● WHAT YOU SHOULD DO
A word-for-word copy of the data is what's wanted, with no pictures.

● DATA FOR PROCESSING
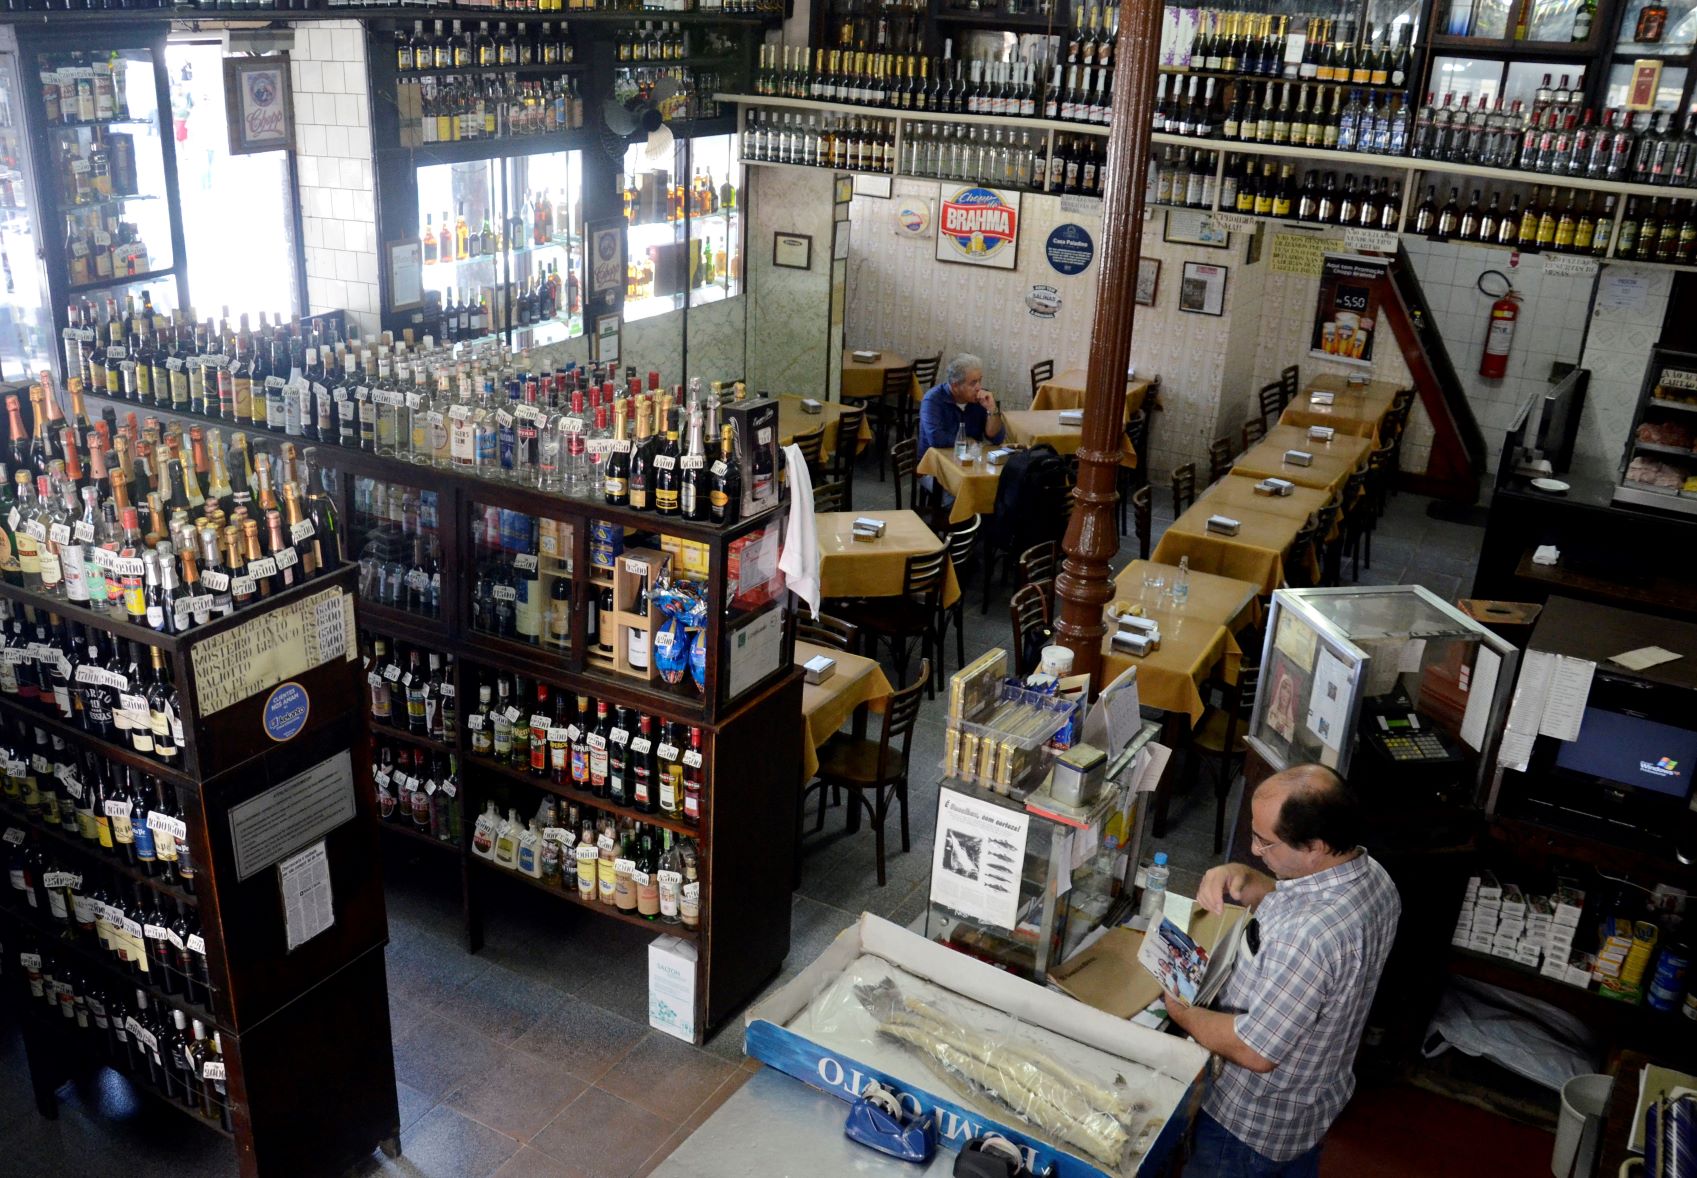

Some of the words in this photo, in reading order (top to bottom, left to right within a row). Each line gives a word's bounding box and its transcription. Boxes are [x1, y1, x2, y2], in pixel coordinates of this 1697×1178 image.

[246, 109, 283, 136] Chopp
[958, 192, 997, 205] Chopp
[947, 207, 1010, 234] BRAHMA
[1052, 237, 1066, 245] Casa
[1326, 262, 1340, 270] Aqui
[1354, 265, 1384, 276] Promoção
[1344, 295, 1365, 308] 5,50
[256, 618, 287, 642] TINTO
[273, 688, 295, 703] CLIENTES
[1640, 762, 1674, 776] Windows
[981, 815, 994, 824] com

● RESULT OF THIS TASK
Some of the words in this photo, in reading order (top to bottom, left to right within a row). Each line gives a word's bounding box and its transcription. Boxes are [x1, y1, x2, y2], in pixel coordinates of this 1697×1178 image.

[246, 109, 283, 136] Chopp
[958, 192, 997, 205] Chopp
[947, 207, 1010, 234] BRAHMA
[1052, 237, 1066, 245] Casa
[1326, 262, 1340, 270] Aqui
[1354, 265, 1384, 276] Promoção
[1344, 295, 1365, 308] 5,50
[256, 618, 287, 642] TINTO
[273, 688, 295, 703] CLIENTES
[1640, 762, 1674, 776] Windows
[981, 815, 994, 824] com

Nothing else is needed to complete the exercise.